Совхоз кончал сев. Положение к вечеру 20 мая совершенно определилось. Большинство бригад должно было кончить ночью, самое позднее — завтра до полудня. Немного может задержаться Быкова на Кудрихе, но и то на сутки, не больше. Может запоздать Суртаев: хлопцы лезут вон из кожи и хотят все посеять узкорядно и перекрестно.

И хотя положение было известно и никаких неожиданностей быть уже не могло, Владимир Макарович отправился по всем бригадам в генеральный объезд.

На третьем отделении он спросил у Быковой между всем остальным:

— Черемуха не зацвела еще?

— Не глядела! — призналась Евдокия Ивановна.

Владимир Макарович раздвинул густые заросли. В лицо ему пахнуло теплым ароматом зацветающей черемухи.

— Слышите! — задумчиво сказал он, нюхая полураспустившуюся белую кисточку. — Это ведь соловей! Первый раз здесь соловья слышу.

— Это вы просто не замечали! — засмеялась Евдокия Ивановна.

— Вполне возможно, — согласился он. — Но вы все-таки скажите: завтра кончите или не кончите? Смотрите — вас обставит молодежь. Краснеть будете!

— Что ж, наше дело такое — стариковское, — вздыхает Быкова, поблескивая золотым зубом и широко улыбаясь. — На то она и молодежь, чтоб теснить нас.

Вздыхает она лицемерно. Не пришло еще то время, чтобы кто-то мог обойти ее, Быкову. Пусть еще эти молодые соли покушают. И все же на всякий случай, чтобы знать правду из первых рук, будто невзначай спрашивает:

— Процент-то процентом, но мне говорили, что там все рядовым сеют…

— Кто говорил? — с негодованием заступился за молодых директор. — Вам еще скажут, что на вербе груши выросли. Так этого ж не бывает!

До молодежной бригады он добрался поздно. Подъехал к кухне, потому что там горел огонь. Владька спал, сидя за столом.

— Ты чего тут спишь? — весело спросил Владимир Макарович, стаскивая у Владьки с головы кепку. — Это добрые поварихи у тебя, что разрешают на кухне лежать да еще в шапке!

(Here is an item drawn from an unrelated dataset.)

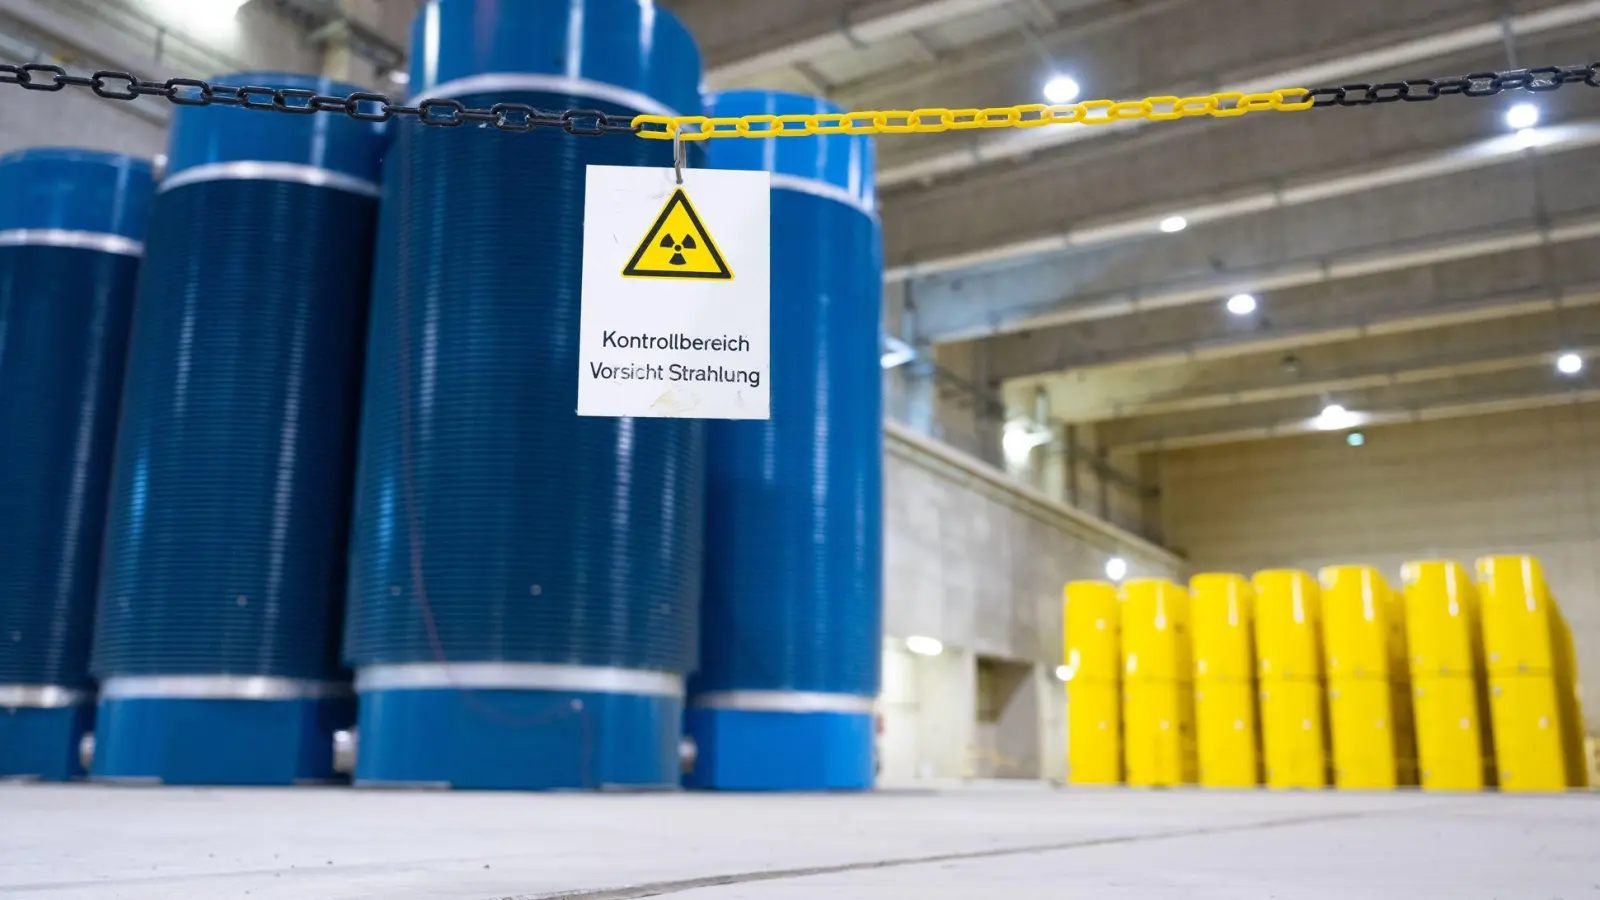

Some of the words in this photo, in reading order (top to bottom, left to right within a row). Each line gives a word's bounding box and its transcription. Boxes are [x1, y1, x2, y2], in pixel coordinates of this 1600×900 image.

[602, 330, 750, 352] Kontrollbereich
[590, 361, 664, 381] Vorsicht
[668, 363, 761, 388] Strahlung

— Это я так, — улыбнулся Владька.

На кухне с появлением директора стало шумно, и по всему было видно, что ему здесь известны порядки и хорошо знакомы поварихи.

— Чем кормите сегодня? — интересовался он, поднимая крышки на котлах. — Полегче есть что-нибудь?

— Мясо еще не сварилось, сочувственно улыбаясь, сказала Галя Старцева. — Щуку будете?

— Нет, я уж лучше мясо подожду. Сегодня мне не к спеху. — Владимир Михайлович уселся за стол и, отщипывая кусочки хлеба, стал расспрашивать Владьку: — Когда кончишь? Завтра кончишь?

— К утру кончаем, Владимир Макарович.

— Это хорошо. Смотри, черемуха зацветает. Знаешь примету? Когда зацветет черемуха — лучше не сей: хлеб не поспеет. Я тебе утром букет наломаю. Не кончишь — натолкаю за пазуху, чтоб не хвастался.

За гуляшом, которого директору наложили столько же, сколько положили бы Игорю, он спросил, испытующе глядя на Владьку:

— А ты очки не втираешь? Это правда, что у тебя все узкорядно и перекрестно идет?

Владька подтвердил, что это именно так, и призвал в свидетели Риту, которая никому не даст соврать.